(Phrase grounding data)
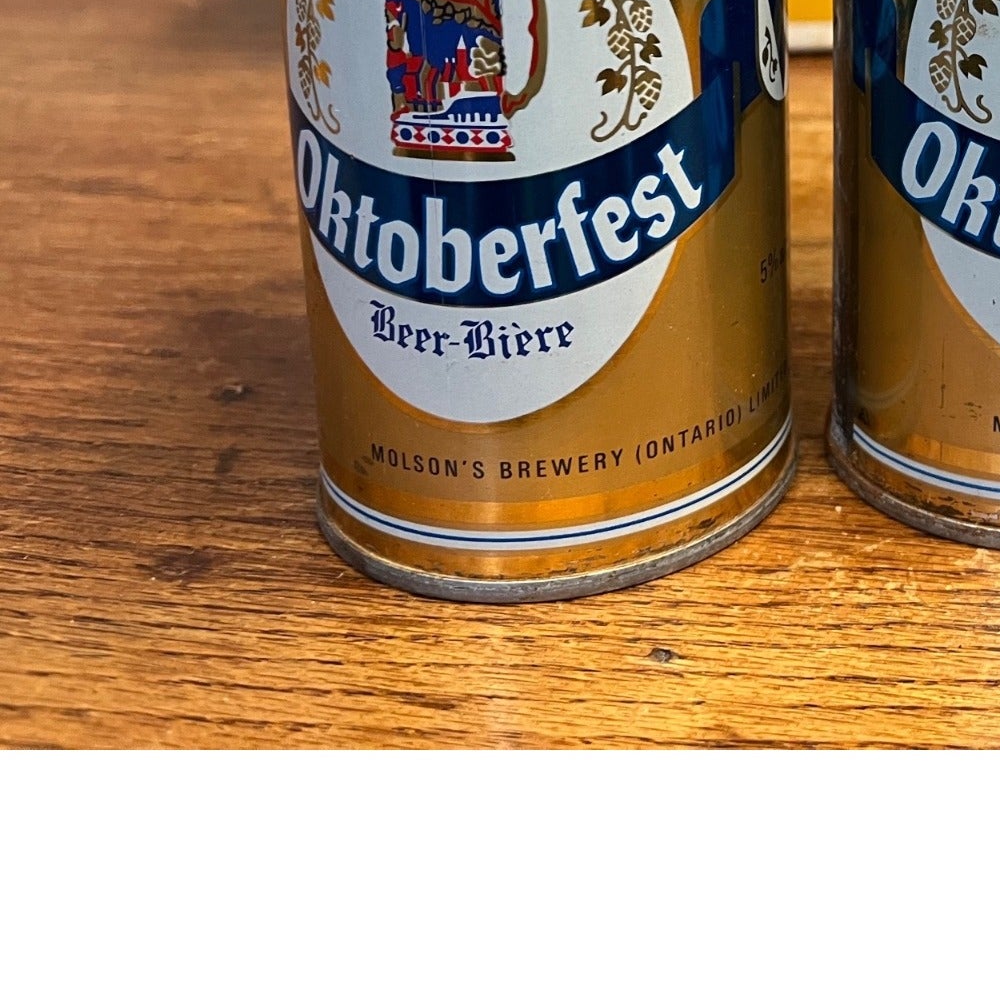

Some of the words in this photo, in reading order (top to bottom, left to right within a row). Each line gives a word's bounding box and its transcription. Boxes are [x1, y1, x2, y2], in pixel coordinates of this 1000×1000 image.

[296, 128, 704, 295] Oktoberfest
[369, 299, 575, 360] Beer-Bière
[371, 442, 485, 480] MOLSON'S
[500, 447, 624, 480] BREWERY
[635, 404, 742, 466] (ONTARIO)

• Directions for this task
Each record above should come back exactly the same, only without its pictures.

• Response area
Some of the words in this photo, in reading order (top to bottom, left to right within a row). Each line gives a word's bounding box and its transcription. Boxes are [x1, y1, x2, y2], in pixel coordinates of this 1000×1000 image.

[296, 128, 704, 295] Oktoberfest
[369, 299, 575, 360] Beer-Bière
[371, 442, 485, 480] MOLSON'S
[500, 447, 624, 480] BREWERY
[635, 404, 742, 466] (ONTARIO)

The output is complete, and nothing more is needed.